§ EXERCISE AIM: The listing, minus its pictures, is to be given again exactly.
BEGIN
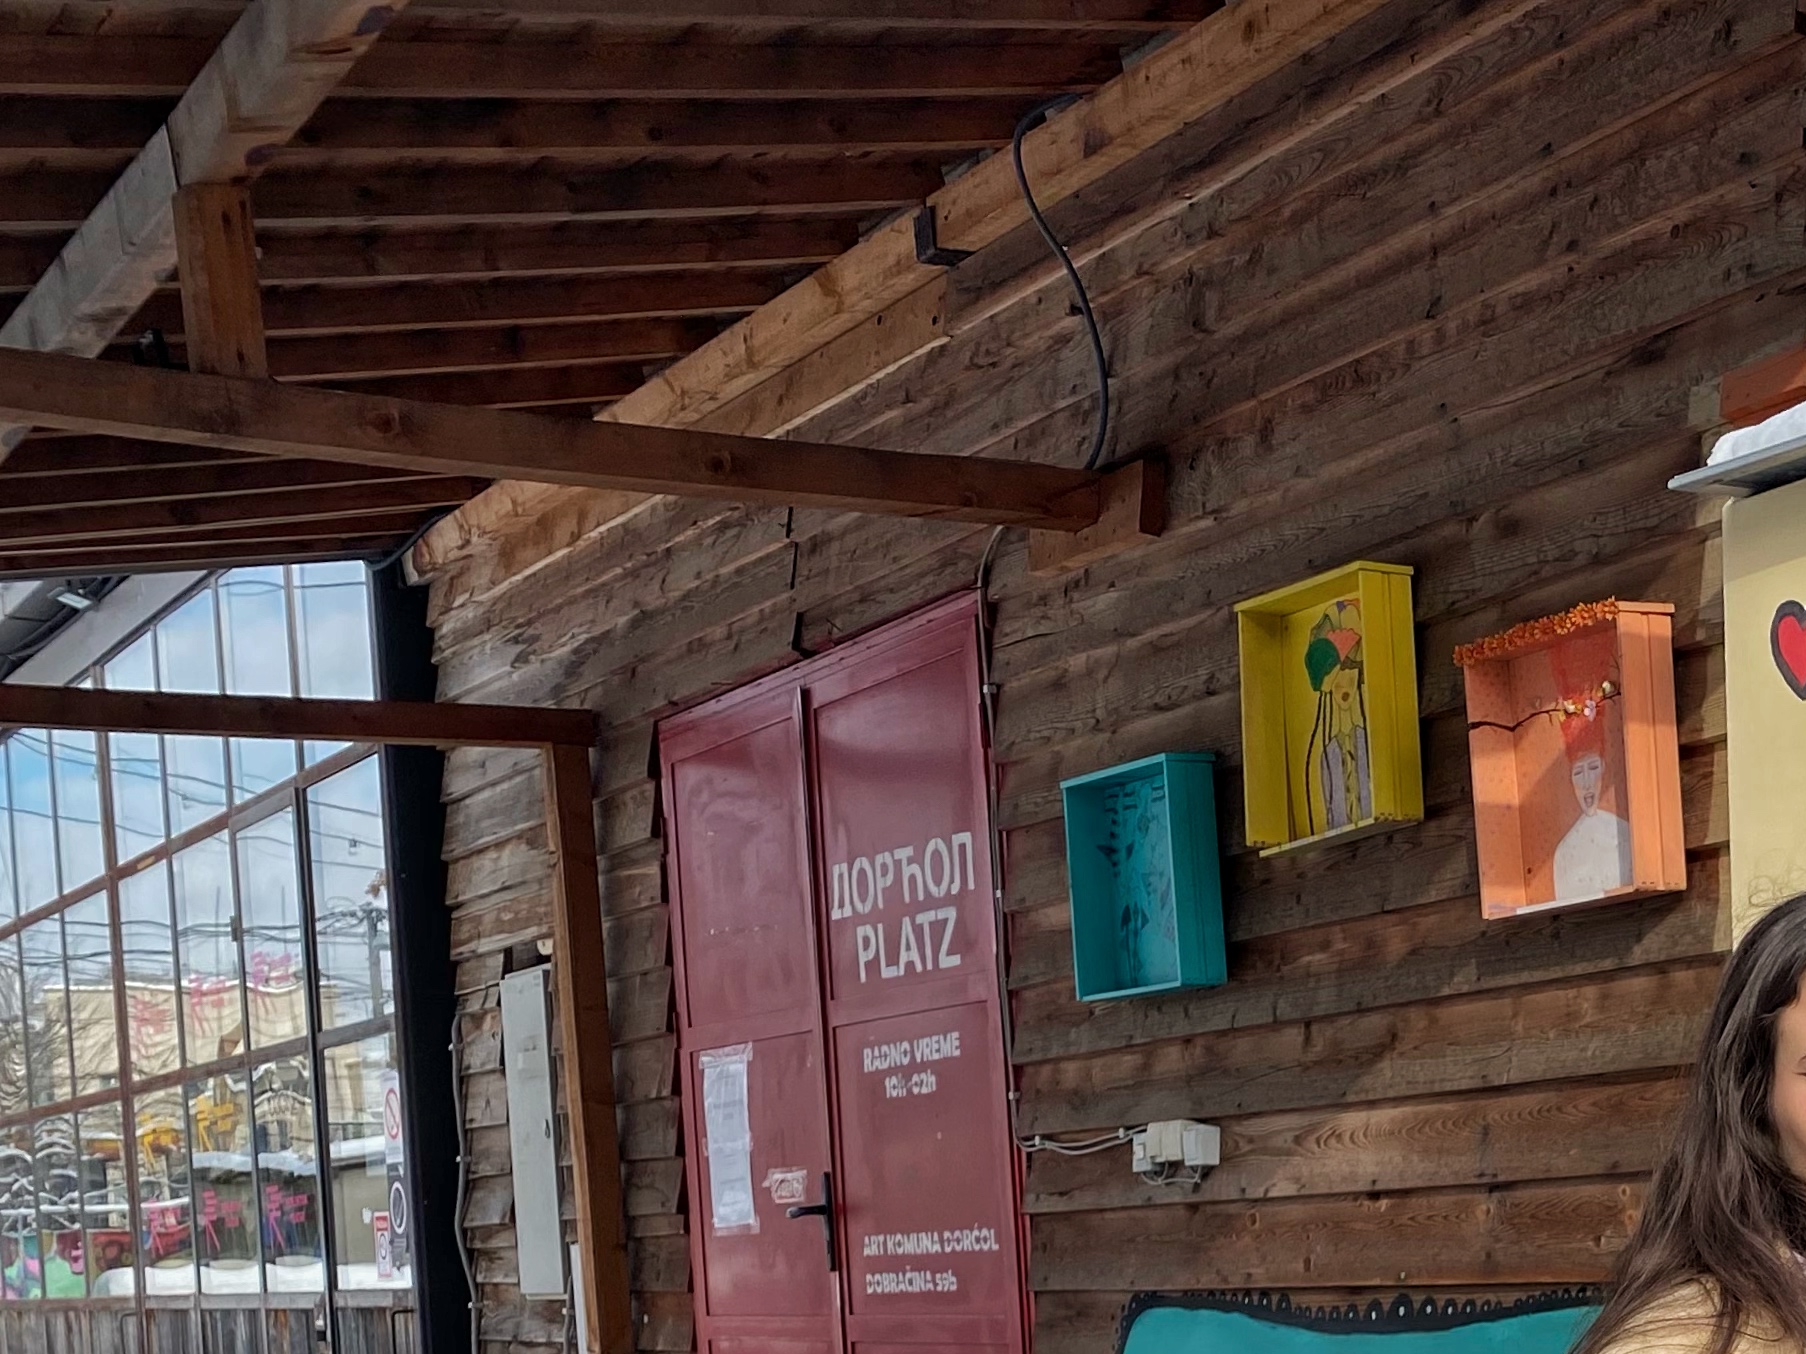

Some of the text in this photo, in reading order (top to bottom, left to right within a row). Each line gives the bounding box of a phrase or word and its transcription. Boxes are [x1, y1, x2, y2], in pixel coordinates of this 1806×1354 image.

[831, 831, 975, 921] ДОРЋОЛ
[856, 906, 961, 984] PLATZ
[863, 1031, 961, 1073] RADNO VREME
[863, 1222, 999, 1257] ART KOMUNA DORĆOL
[865, 1265, 934, 1295] DOBRAČINA
END
§ COMPLETED EXERCISE:
Some of the text in this photo, in reading order (top to bottom, left to right within a row). Each line gives the bounding box of a phrase or word and its transcription. Boxes are [x1, y1, x2, y2], in pixel coordinates of this 1806×1354 image.

[831, 831, 975, 921] ДОРЋОЛ
[856, 906, 961, 984] PLATZ
[863, 1031, 961, 1073] RADNO VREME
[863, 1222, 999, 1257] ART KOMUNA DORĆOL
[865, 1265, 934, 1295] DOBRAČINA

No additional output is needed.